Tie-2/Ang-1 signaling activates β1-integrin and N-cadherin in LSK-Tie2+ cells and promotes hematopoietic stem cell (HSC) interactions with extracellular matrix and its cellular components. Ang-1 promotes quiescence of HSC in vivo. This quiescence or slow cell cycling of HSCs induced by Tie-2/Ang-1 signaling contributes to the maintenance of long-term repopulating ability of HSC and the protection of the HSC compartment from various cellular stresses. Tie-2/Ang-1 signaling plays a critical role in the HSC that is required for the long-term maintenance and survival of HSC in bone marrow. In the endosteum, Tie-2/Ang-1 signaling is predominantly expressed by osteoblastic cells. [8] Although which specific TIE receptors mediate signals downstream of angiogenesis stimulation is highly contested, it is clear that TIE-2 is capable of activation as a result of binding angiopoietins.
Angiopoietin proteins 1 through 4 are all ligands for Tie-2 receptors. Tie-1 heterodimerizes with Tie-2 to enhance and modulate signal transduction of Tie-2 for vascular development and maturation. These Tyrosine kinase receptors are typically expressed on vascular endothelial cells and specific macrophages for immune responses. [6] Angiopoietin-1 is a growth factor produced by vascular support cells, specialized pericytes in the kidney, and hepatic stellate cells (ITO) cells in the liver. This growth factor is also a glycoprotein and functions as an agonist for the tyrosine receptor found in endothelial cells. [9] Angiopoietin-1 and tyrosine kinase signaling are essential for regulating blood vessel development and the stability of mature vessels. [9]

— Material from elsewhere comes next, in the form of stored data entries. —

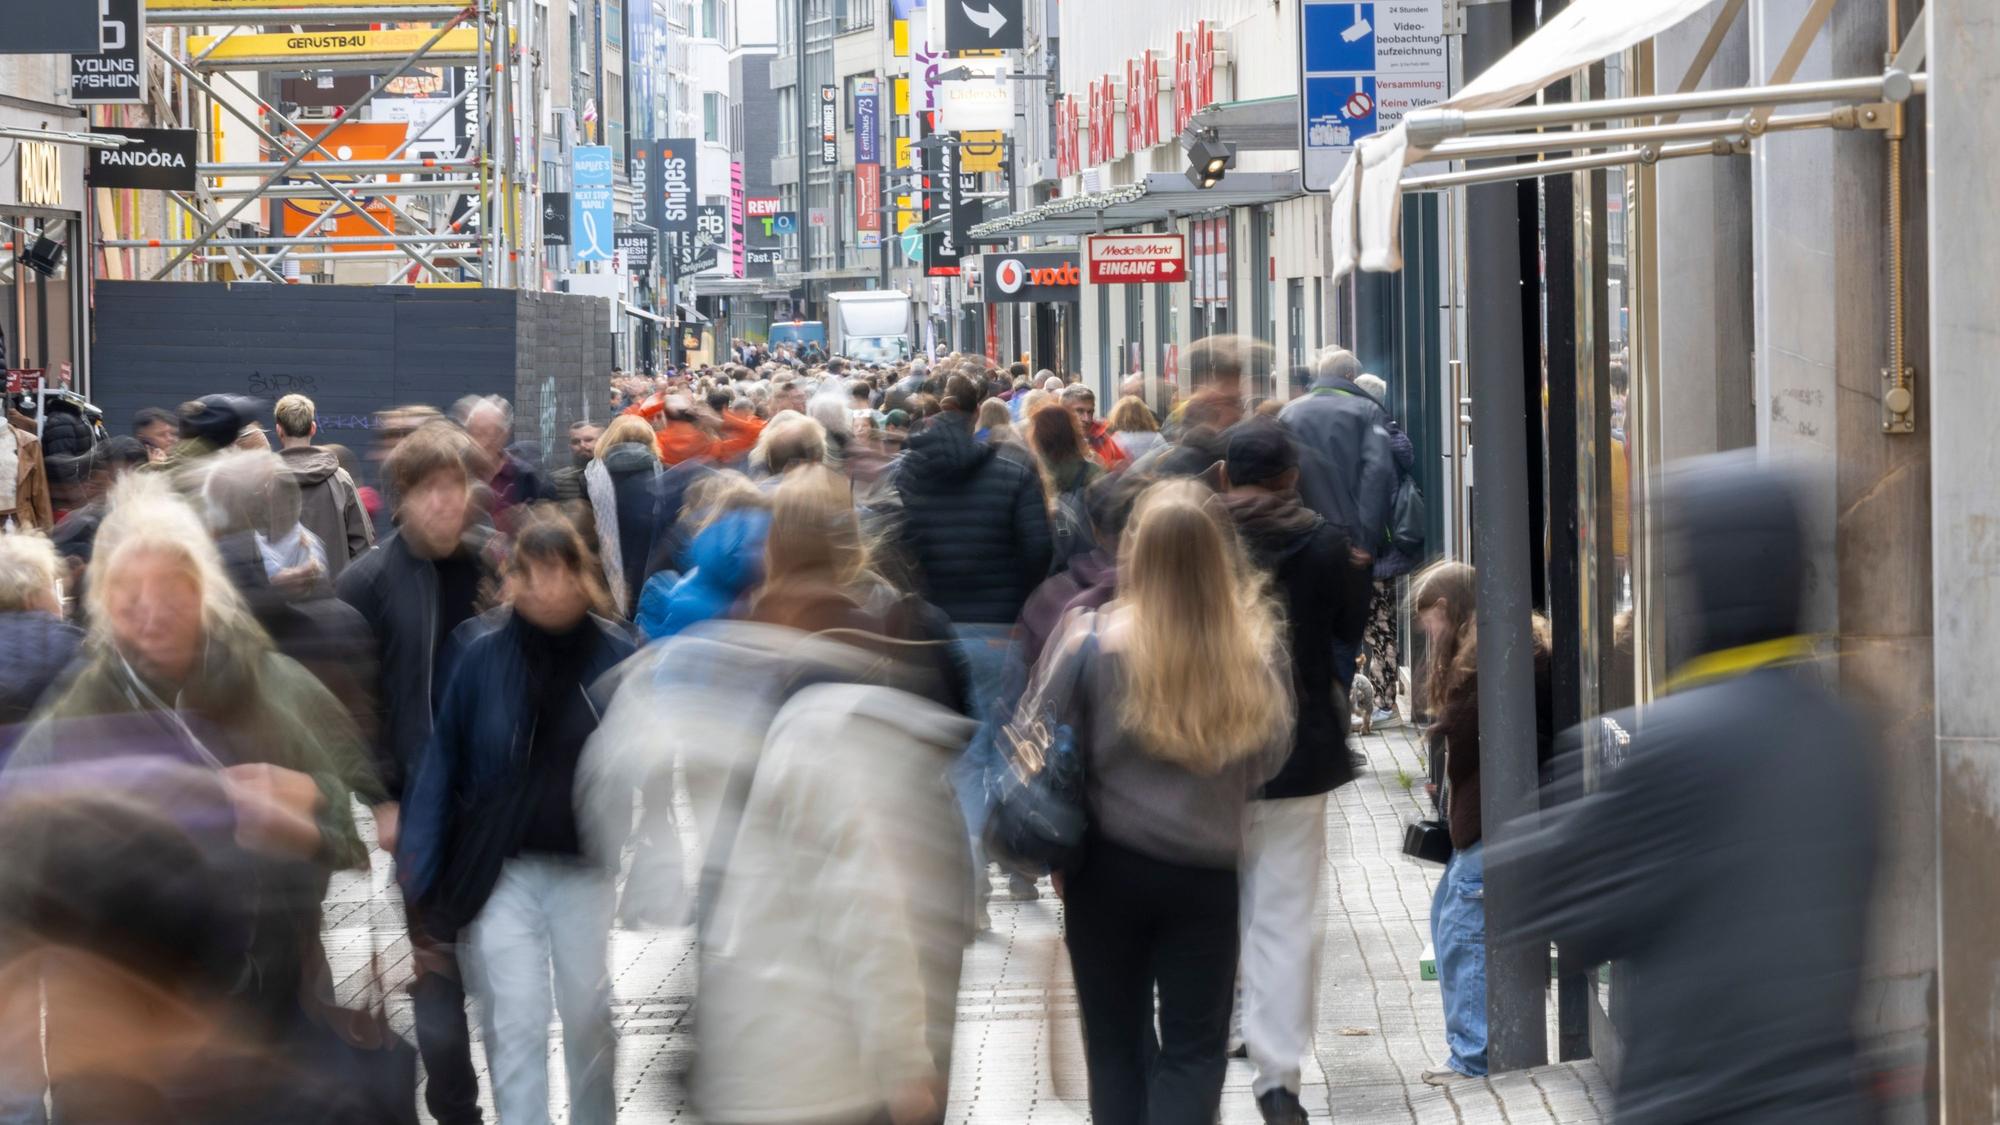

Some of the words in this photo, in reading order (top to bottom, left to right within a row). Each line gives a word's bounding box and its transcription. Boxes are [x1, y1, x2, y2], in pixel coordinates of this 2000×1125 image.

[1393, 22, 1425, 31] Video-
[1377, 47, 1443, 56] aufzeichnung
[75, 58, 135, 72] YOUNG
[71, 74, 140, 88] FASHION
[1376, 80, 1445, 89] Versammlung:
[858, 98, 873, 114] 73
[823, 104, 834, 136] KORNER
[100, 148, 186, 168] PANDORA
[824, 142, 836, 162] FOOT
[664, 157, 690, 221] snipes
[617, 238, 648, 247] LUSH
[623, 247, 648, 255] RESH
[747, 252, 771, 263] Fast.
[1098, 261, 1156, 276] EINGANG

The expression of Angiopoietin-2 in the absence of vascular endothelial growth factor (VEGF) leads to endothelial cell death and vascular regression. [10] Increased levels of Ang2 promote tumor angiogenesis, metastasis, and inflammation. Effective means to control Ang2 in inflammation and cancer should have clinical value. [11] Angiopoeitin, more specifically Ang-1 and Ang-2, work hand in hand with VEGF to mediate angiogenesis. Ang-2 works as an antagonist of Ang-1 and promotes vessel regression if VEGF is not present. Ang-2 works with VEGF to facilitate cell proliferation and migration of endothelial cells. [12] Changes in expression of Ang-1, Ang-2 and VEGF have been reported in the rat brain after cerebral ischemia. [13] [14]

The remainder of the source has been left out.